A Rise in Hybrid Meetings and Events
The COVID-19 pandemic has presented new challenges to the event industry. But, with crisis, often comes innovation. As automobile manufacturers have quickly changed their business model from building cars to building ventilators, the events industry is responding with different ways to use technology to connect organizations and people.
One of the impacts of the pandemic is that people everywhere have become more comfortable with virtual technology. Our children and teachers have adapted from classroom instruction to online learning. Our colleagues kept collaboration and teamwork alive using Microsoft Teams, Zoom, WebEx and a host of other applications. While the Millennial generation has grown up with FaceTime and video chat, now even my 76-year-old mother has become proficient at setting up family Zoom meetings. These new realities are propelling the use of virtual technologies forward.
You may recall after 9/11 and the Great Recession when planners, venues and technology companies expected video conferencing to become a part of the new norm and invested significant capital in that direction. We learned quickly that the industry at large was not ready to make the move to this type of virtual approach. But today is a new era. People’s behaviors have changed, and their everyday routines now revolve around technology. Great advances have been made over the past decade in technology, hardware, connection speeds and the use of the Cloud to enable virtual events. Most importantly, meeting and event participants are now more comfortable using technology to connect virtually. COVID-19 has prepared us for a technological pivot in the meeting industry.
However, we must never underestimate the importance of human connection. The ability to read body language and meet face-to-face is important. The opportunity to socialize before and after meetings is crucial. Technology can never fully replace face-to-face communication, but it can become a tool to help us through challenging times, and the answer might just be a combination of in-person meetings connected by technology.

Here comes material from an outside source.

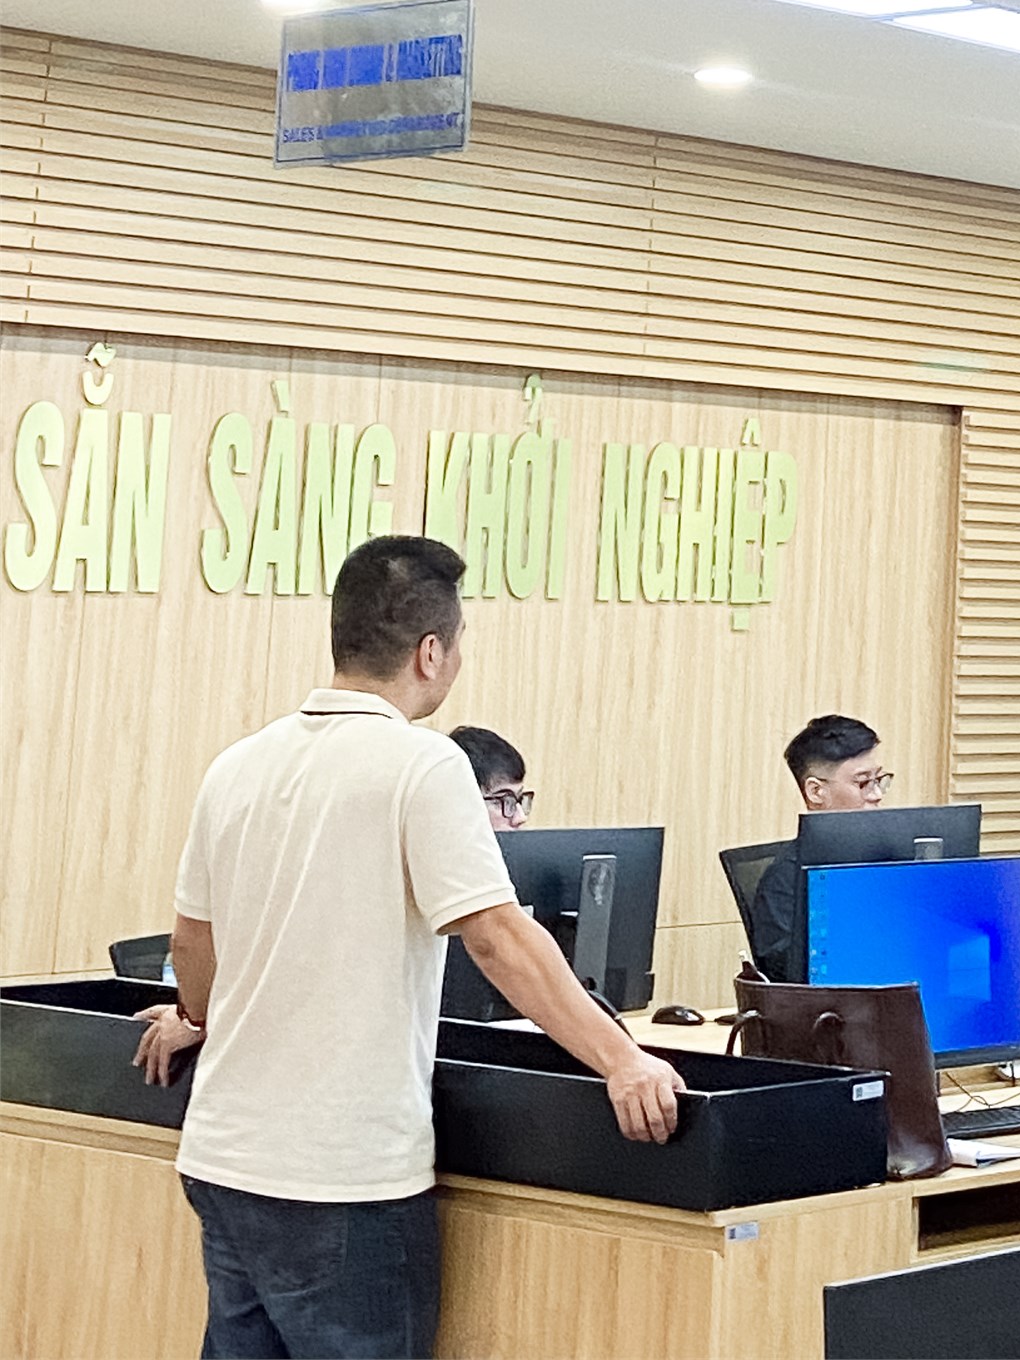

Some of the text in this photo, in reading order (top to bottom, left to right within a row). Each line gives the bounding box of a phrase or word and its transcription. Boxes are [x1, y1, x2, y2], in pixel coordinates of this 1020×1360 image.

[4, 342, 798, 631] SẴN SÀNG KHỞI NGHIỆP

Humans, whether Millennials or Baby Boomers, are social people. We must meet, in-person and often to create true connections.

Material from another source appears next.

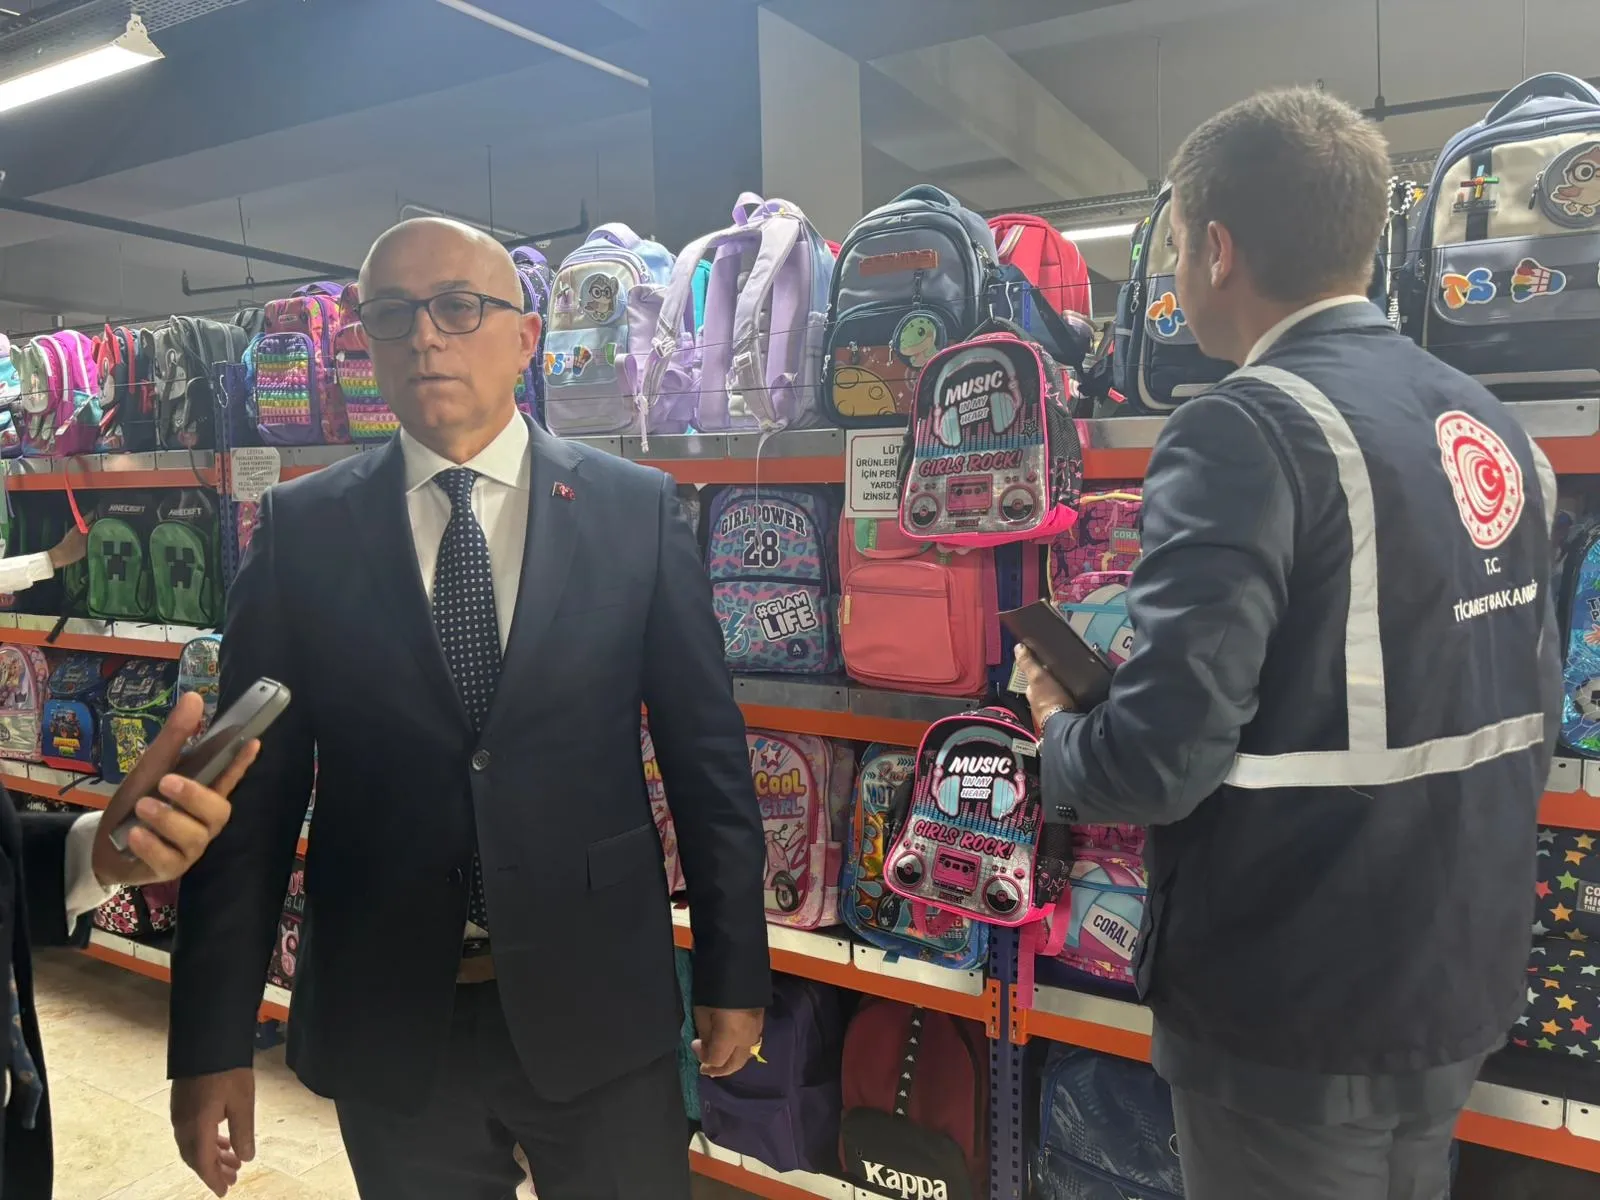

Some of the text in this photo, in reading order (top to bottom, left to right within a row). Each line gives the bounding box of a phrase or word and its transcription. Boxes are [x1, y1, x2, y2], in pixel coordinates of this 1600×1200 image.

Hybrid meetings allow us to connect event participants while simultaneously providing peace of mind. More than ever, attendee engagement strategies need to be front and center as we transition from live events to virtual and hybrid events in the post-COVID-19 world. In order to create successful events, creators need to be focused on designing touchpoints that resonate, developing timing strategies and engineering experiences that allow for two-way conversations.
In-person meetings will evolve to become more inclusive. While just a few months ago, a venue may have welcomed 500 people into a ballroom for a general session, the opportunity now exists to welcome 50 people into a more intimate setting in 10 rooms that can be spread out around the world. Connecting rooms or venues with virtual technology will allow this to happen. It will also allow options for participants who may be concerned about their health or have a pre-existing condition.
Additionally, as small, mid-sized and even large companies have become accustomed to employees working from home, our role in connecting people will be even more important. Square, Twitter, and Nationwide are a sample of some of the organizations who plan to continue to offer remote working arrangements. This will present a new opportunity for venues to sell space so that team members of companies who have left the brick and mortar office behind can come together to meet. Working from home can be isolating and the need for team members to create face-to-face connections will increase.
This has created a tremendous opportunity for planners, venues, and technology companies to work together to meet these needs. It is our job to educate the industry about the possibilities of coupling in-person meetings with virtual technology to create hybrid events. Our role in connecting people is suddenly more important than ever. If the pandemic has taught us anything, it is that even though we can work virtually we crave social interaction. Our job is working together to make that happen for our clients.